Clear skies and mild temperatures in Bolivia’s Cochabamba Valley brought good news this week to Nuevo Mundo’s engineers and machine operators. With good weather they could continue to work from dawn until dusk as they press forward to finish as much runway work as possible before seasonal rains begin later in December. “The work is incredibly large”, says engineer Boris Rodriguez “but we’re making good progress.” He shared these photos and update with us.
Mano a Mano’s Largest Project to Date
This project, the largest undertaken by Mano a Mano to date, presents challenges that are unique to runway construction. One is the stringent set of specifications that must be met for safe aircraft landing.
What’s Needed for a Runway
- Materials must be of measurable hardness and resistance.
- The rock materials must be of varying sizes (granulometry) in order to form hard and compactable surfaces.
Fortunately, locally available materials meet these requirements.

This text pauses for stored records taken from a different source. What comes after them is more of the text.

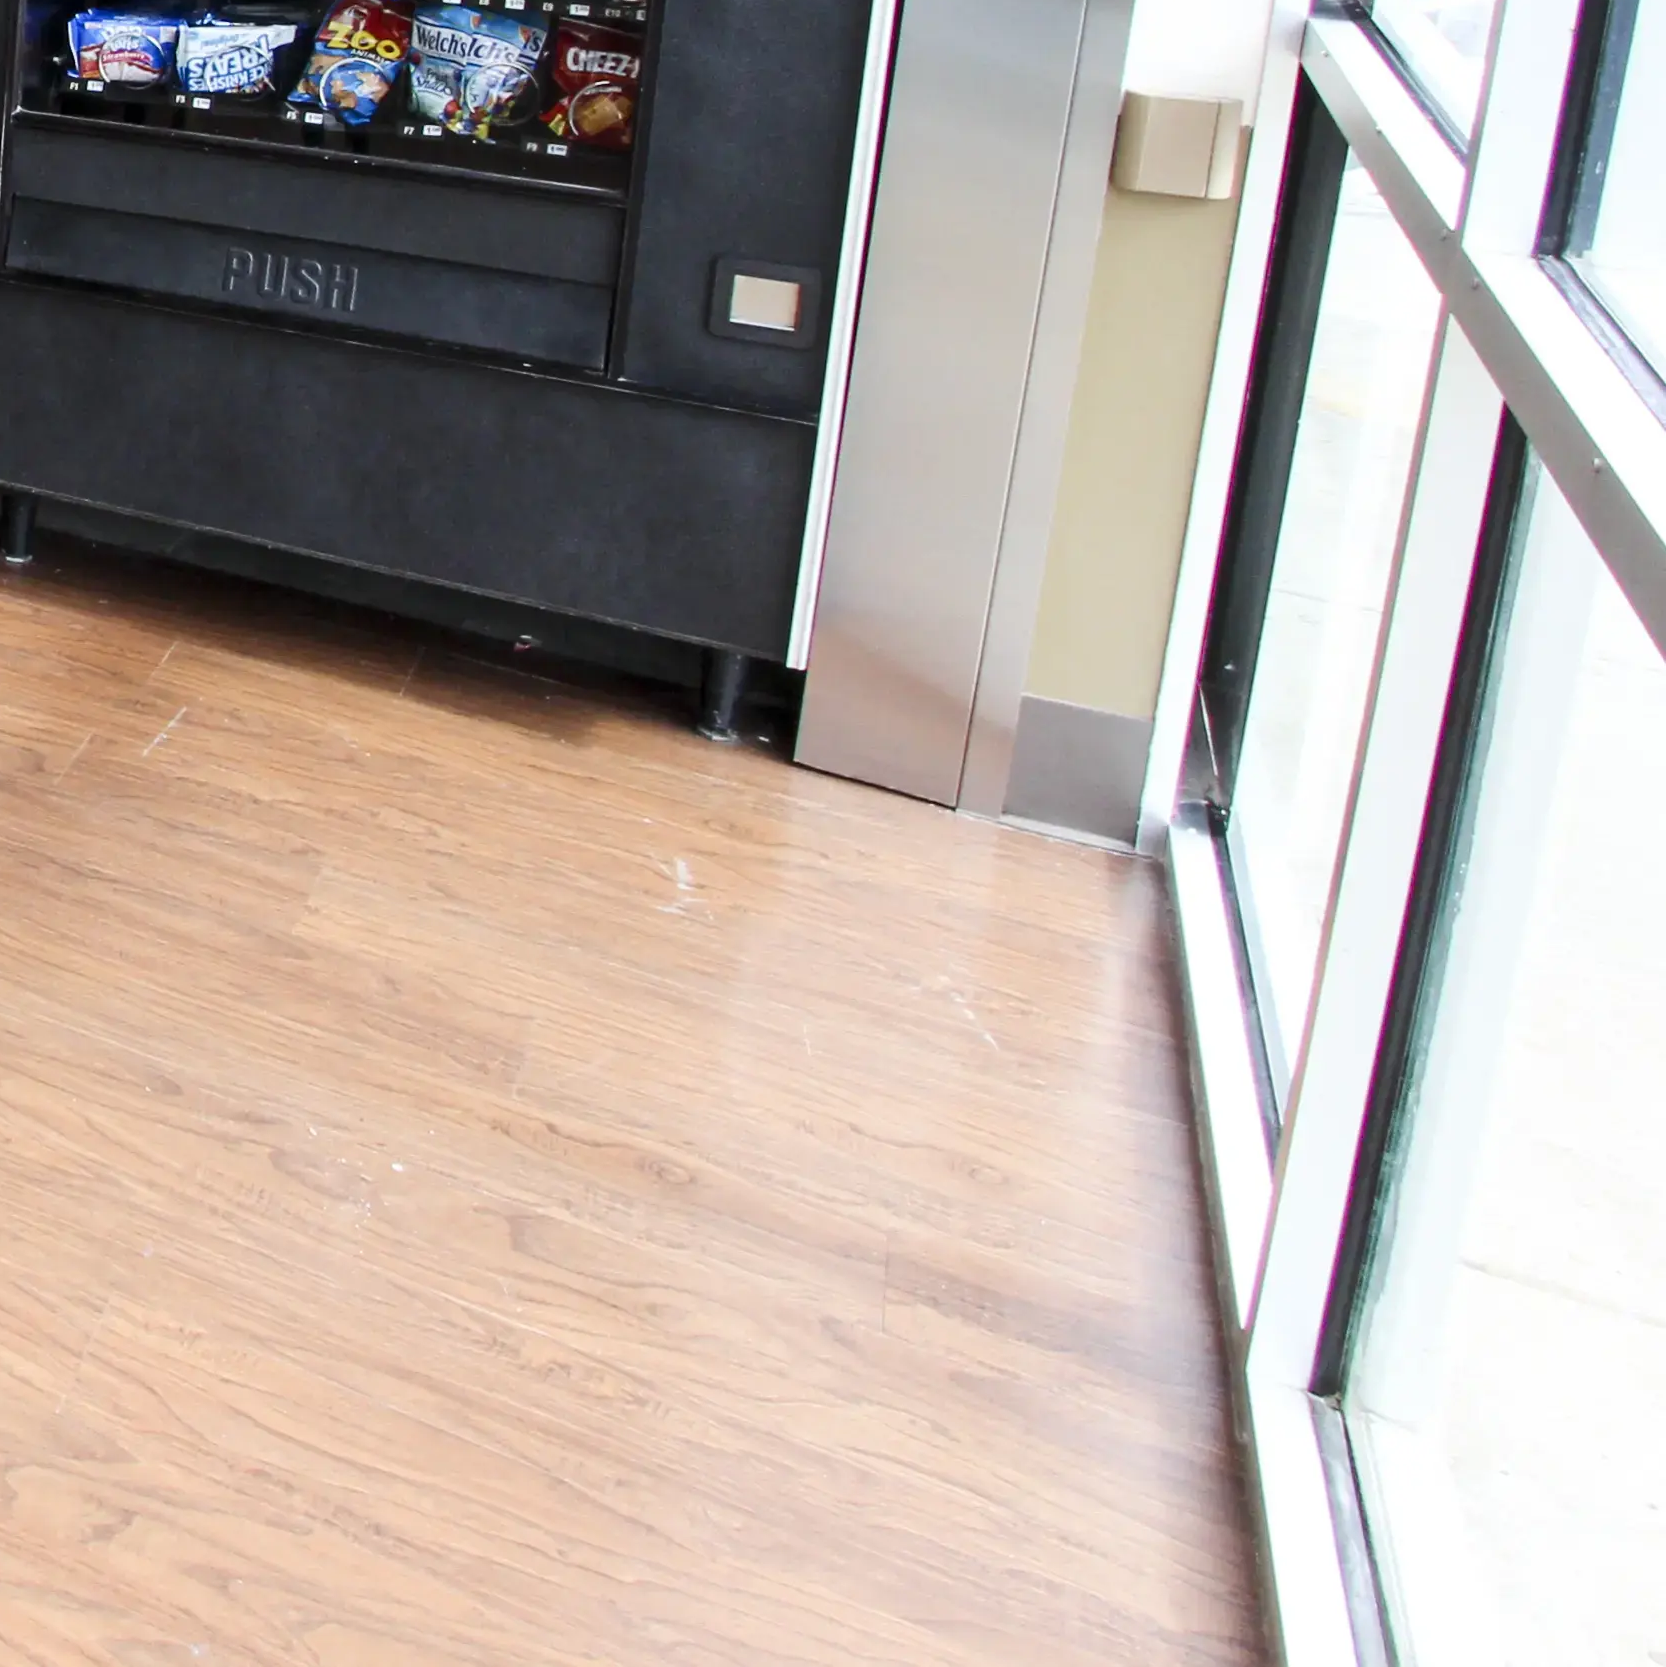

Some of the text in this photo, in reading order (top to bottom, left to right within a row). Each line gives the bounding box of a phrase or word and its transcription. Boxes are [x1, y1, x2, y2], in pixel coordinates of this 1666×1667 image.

[327, 21, 401, 59] ZOO
[417, 22, 467, 58] Welch's
[222, 246, 359, 312] PUSH
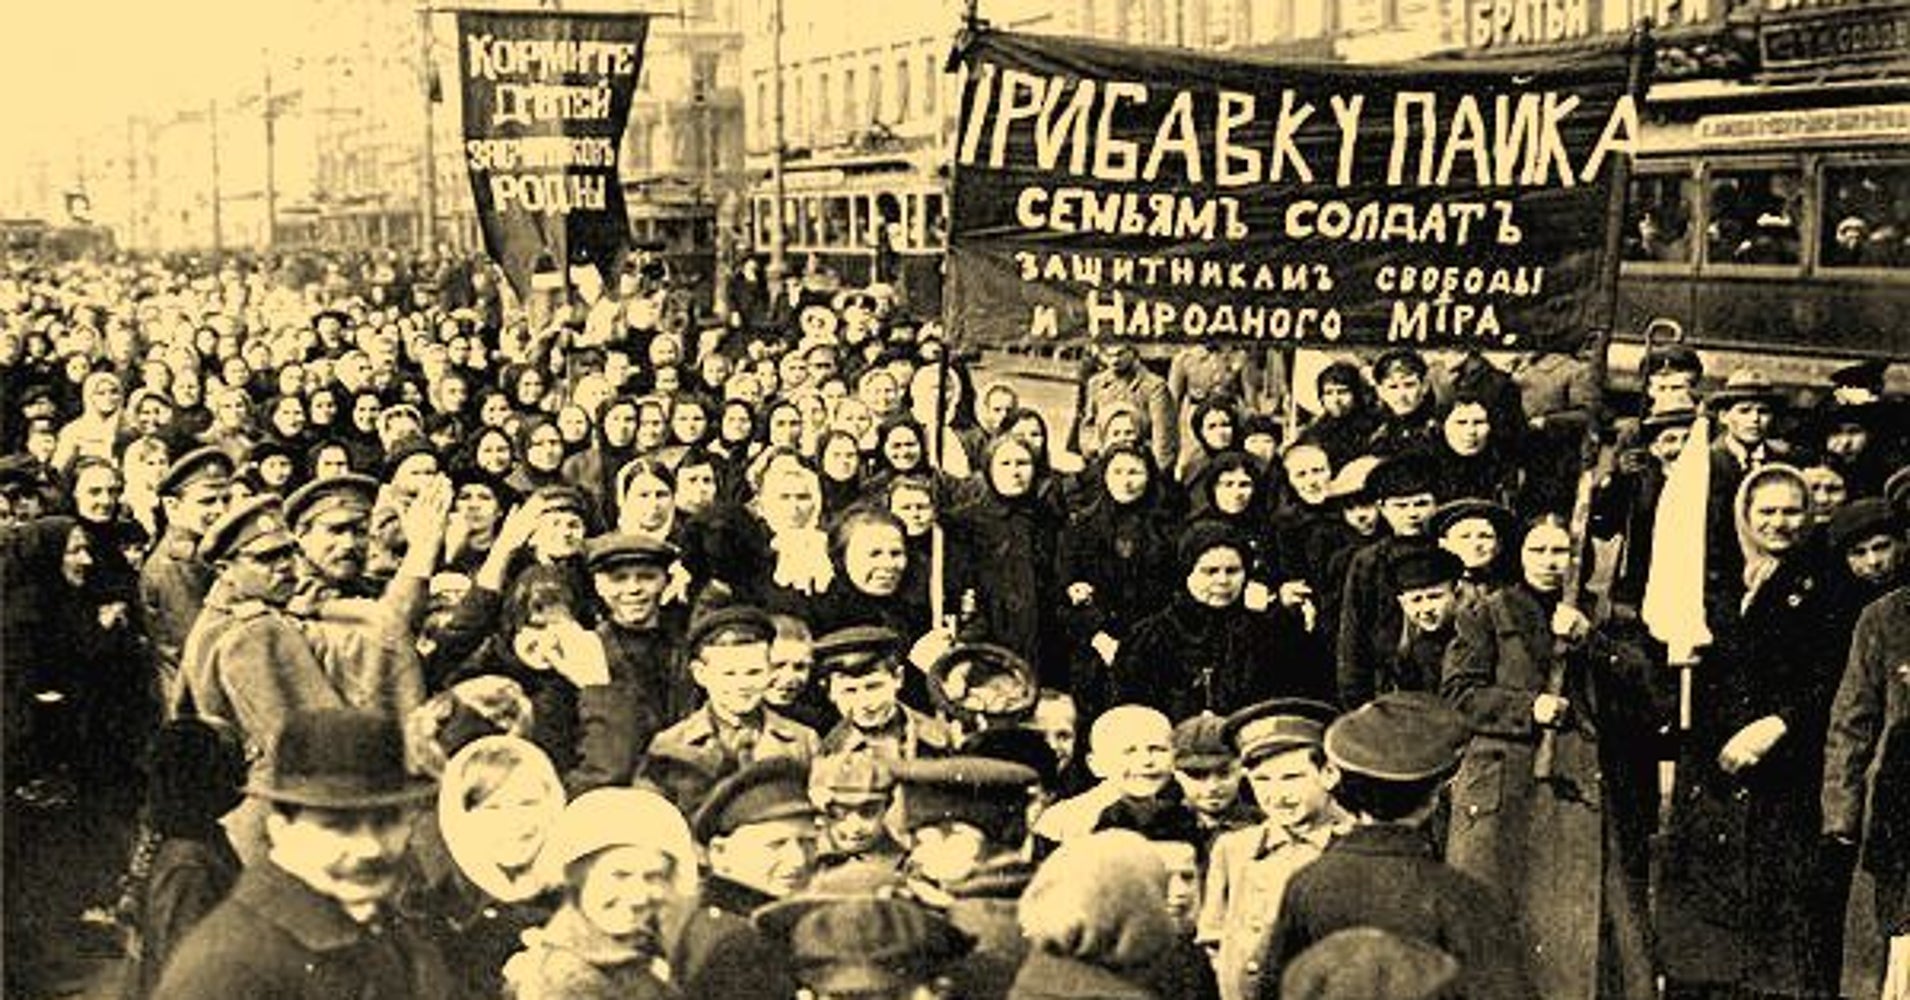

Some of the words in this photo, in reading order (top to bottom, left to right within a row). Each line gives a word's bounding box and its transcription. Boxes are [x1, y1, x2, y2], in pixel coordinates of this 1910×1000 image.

[1386, 74, 1645, 189] ПАЙКА
[1016, 186, 1250, 241] СЕМЬЯМЪ
[1285, 200, 1523, 246] СОЛДАТЪ
[1375, 265, 1546, 296] СВОБОДЫ

Materials Required for the Correct Mixture Being Delivered to Site
The rock materials must be of varying sizes (granulometry) in order to form hard and compactable surfaces. This requirement presented us with significant challenges. The locally available material does not have the type of binder or clay needed for compacting. To address this problem, the crew takes the laborious step of mixing two dump trucks of crushed rock with one dump truck of fine rock and one of ceramic clay. This recipe produces a composition of materials that will hold and bind together.
Completed Runway Will Be 3,600 Feet in Length
The 75-foot-wide runway is worked in 1,000-foot-long segments, in 6-inch-thick increments. The completed runway will measure about 3,600 feet in length.
- Installing Tubing for Potable Water in Chirusi Rosario
- Building The Runway – One Layer at a Time
- The Difference Upgraded Heavy Equipment Can Make
- Work Continues on Mano a Mano’s Runway at the Punata Regional Complex
- Working on Water Projects in Cliza and Islas Malvinas
- Transporting Heavy Equipment in Bolivia Takes Hard Work (and Many Repairs)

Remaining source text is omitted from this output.